**Required action**
Write out exactly the line containing "this 1280×1280 image." along with each line that follows it in the records below, and no others.

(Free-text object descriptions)
☆ ☆ ☆ ☆ ☆

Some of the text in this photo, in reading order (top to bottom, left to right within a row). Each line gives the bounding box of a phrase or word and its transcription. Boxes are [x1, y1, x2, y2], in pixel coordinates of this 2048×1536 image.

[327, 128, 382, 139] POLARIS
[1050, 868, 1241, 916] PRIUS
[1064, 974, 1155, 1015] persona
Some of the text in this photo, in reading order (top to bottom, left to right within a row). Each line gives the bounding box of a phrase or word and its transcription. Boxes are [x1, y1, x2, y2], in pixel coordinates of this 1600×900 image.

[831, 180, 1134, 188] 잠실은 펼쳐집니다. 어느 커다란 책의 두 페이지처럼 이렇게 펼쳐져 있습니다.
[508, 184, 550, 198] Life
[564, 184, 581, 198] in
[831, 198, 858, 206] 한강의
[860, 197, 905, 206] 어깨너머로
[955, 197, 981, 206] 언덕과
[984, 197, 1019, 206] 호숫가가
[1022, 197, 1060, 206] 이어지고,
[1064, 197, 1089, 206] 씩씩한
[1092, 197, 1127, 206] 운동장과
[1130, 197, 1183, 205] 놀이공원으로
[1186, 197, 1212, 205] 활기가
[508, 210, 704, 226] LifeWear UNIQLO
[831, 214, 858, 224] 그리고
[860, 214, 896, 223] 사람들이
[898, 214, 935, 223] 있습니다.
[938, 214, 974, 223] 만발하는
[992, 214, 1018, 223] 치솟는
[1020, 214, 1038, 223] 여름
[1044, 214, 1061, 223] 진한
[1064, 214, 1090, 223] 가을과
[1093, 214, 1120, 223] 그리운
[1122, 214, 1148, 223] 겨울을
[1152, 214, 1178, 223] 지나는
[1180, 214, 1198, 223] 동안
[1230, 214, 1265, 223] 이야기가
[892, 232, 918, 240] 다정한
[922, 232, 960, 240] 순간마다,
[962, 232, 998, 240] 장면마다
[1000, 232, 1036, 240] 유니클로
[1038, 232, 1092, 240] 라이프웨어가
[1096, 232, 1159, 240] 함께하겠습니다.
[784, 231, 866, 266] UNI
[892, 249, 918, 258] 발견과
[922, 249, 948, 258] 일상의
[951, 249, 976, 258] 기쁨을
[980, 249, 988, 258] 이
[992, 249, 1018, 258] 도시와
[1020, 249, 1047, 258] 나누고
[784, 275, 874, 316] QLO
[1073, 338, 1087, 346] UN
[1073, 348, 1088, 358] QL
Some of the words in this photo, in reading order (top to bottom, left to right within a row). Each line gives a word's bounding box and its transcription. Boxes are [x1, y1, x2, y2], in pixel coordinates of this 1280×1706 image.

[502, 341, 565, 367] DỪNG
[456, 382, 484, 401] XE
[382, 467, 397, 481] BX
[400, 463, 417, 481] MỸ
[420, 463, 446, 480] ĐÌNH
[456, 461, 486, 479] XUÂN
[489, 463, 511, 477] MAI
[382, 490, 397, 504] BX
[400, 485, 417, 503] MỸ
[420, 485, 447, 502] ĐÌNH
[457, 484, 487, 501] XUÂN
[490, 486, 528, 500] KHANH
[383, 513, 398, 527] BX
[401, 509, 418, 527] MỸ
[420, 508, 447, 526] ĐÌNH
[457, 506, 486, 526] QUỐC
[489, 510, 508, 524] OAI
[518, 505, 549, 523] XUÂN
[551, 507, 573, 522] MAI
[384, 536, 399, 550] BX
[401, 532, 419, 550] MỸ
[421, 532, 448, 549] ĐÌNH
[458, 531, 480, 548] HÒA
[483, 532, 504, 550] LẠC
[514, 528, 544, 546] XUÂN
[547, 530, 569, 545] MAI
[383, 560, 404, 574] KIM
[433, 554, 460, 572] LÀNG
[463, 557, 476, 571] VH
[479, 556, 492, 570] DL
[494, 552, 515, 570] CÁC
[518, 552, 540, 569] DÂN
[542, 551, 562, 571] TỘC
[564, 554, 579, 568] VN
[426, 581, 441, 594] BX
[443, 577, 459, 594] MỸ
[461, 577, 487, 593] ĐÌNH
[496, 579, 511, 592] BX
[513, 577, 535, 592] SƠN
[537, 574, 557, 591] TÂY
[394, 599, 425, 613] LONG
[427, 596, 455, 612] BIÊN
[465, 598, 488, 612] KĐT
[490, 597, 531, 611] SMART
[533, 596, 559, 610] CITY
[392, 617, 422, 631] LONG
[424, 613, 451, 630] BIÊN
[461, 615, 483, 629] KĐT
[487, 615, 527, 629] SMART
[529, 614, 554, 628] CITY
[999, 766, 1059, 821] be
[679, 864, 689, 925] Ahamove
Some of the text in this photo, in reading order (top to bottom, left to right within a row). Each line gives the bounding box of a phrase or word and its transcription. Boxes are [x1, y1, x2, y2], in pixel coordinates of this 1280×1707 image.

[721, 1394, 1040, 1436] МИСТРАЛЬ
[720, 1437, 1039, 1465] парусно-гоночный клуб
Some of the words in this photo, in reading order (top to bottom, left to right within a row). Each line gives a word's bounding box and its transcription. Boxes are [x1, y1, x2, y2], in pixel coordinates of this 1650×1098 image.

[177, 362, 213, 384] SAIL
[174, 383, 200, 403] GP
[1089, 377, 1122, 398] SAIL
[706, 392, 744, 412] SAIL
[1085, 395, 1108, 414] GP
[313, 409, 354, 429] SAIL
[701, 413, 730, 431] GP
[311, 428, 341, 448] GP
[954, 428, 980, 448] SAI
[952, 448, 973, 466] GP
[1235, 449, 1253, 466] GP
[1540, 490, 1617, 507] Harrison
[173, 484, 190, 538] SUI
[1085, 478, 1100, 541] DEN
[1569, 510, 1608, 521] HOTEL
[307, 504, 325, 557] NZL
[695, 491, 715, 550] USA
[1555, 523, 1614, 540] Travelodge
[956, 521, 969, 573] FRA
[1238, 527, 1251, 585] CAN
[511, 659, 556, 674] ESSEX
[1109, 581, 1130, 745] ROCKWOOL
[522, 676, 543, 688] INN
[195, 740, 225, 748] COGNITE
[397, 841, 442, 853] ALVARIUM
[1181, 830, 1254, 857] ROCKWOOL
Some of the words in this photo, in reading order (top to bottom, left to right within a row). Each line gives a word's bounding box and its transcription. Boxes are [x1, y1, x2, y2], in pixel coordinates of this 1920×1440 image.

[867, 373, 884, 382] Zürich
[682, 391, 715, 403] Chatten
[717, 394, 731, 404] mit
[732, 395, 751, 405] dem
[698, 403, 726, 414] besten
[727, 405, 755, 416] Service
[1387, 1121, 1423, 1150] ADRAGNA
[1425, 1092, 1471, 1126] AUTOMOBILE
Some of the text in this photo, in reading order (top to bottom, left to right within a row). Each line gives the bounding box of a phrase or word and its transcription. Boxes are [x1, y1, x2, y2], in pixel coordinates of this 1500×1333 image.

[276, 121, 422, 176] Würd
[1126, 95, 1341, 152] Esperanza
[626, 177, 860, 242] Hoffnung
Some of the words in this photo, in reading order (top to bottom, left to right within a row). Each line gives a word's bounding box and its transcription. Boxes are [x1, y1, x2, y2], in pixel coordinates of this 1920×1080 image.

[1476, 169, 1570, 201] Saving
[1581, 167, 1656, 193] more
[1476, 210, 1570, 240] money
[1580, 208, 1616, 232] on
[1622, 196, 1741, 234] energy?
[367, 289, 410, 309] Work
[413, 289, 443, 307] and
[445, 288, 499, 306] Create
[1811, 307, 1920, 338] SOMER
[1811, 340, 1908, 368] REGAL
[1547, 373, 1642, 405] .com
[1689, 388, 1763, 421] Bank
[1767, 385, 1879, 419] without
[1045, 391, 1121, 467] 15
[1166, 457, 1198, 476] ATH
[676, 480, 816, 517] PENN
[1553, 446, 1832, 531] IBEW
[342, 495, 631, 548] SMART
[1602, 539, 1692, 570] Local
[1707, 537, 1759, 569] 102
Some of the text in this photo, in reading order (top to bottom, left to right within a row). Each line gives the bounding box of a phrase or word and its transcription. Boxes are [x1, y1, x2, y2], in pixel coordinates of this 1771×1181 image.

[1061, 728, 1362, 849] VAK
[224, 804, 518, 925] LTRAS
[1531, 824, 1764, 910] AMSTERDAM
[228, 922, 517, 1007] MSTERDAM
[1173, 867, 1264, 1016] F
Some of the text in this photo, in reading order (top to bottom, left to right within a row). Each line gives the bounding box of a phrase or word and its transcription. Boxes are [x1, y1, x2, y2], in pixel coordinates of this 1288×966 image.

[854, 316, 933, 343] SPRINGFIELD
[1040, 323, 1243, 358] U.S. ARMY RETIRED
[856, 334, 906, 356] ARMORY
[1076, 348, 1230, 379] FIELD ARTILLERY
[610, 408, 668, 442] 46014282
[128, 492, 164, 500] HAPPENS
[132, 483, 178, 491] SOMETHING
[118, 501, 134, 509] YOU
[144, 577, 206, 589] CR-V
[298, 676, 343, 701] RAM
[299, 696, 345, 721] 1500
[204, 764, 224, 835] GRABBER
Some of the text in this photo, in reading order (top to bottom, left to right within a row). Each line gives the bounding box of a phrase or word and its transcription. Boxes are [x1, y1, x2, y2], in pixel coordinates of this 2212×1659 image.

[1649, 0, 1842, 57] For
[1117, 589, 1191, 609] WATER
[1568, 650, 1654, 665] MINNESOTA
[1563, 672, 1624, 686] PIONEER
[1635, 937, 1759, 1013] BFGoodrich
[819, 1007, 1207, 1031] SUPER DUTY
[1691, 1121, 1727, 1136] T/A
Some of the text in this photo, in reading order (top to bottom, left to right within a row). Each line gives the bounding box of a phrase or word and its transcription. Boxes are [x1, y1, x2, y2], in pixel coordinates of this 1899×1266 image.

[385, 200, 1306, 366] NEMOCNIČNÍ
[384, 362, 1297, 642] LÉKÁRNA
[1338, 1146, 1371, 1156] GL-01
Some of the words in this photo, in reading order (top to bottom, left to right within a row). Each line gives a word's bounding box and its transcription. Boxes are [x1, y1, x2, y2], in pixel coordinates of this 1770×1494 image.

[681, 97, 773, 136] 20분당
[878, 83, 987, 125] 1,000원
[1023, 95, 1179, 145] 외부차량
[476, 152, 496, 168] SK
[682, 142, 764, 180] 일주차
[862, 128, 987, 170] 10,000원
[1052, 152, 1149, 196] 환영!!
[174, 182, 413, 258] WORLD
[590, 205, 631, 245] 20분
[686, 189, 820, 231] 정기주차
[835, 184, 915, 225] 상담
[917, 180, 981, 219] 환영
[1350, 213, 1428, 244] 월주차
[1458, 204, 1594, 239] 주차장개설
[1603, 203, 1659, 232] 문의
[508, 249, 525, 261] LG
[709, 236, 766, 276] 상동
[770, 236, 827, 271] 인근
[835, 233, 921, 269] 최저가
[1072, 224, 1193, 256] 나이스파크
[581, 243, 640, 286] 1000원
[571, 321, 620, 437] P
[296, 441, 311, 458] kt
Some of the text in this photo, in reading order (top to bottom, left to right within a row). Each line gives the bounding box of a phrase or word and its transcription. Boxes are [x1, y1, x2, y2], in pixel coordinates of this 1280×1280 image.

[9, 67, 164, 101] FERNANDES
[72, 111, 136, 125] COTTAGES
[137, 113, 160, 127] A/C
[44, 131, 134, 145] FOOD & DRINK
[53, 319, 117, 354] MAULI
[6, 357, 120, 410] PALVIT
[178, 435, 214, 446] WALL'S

☆ ☆ ☆ ☆ ☆

**Exercise solution**
Some of the text in this photo, in reading order (top to bottom, left to right within a row). Each line gives the bounding box of a phrase or word and its transcription. Boxes are [x1, y1, x2, y2], in pixel coordinates of this 1280×1280 image.

[9, 67, 164, 101] FERNANDES
[72, 111, 136, 125] COTTAGES
[137, 113, 160, 127] A/C
[44, 131, 134, 145] FOOD & DRINK
[53, 319, 117, 354] MAULI
[6, 357, 120, 410] PALVIT
[178, 435, 214, 446] WALL'S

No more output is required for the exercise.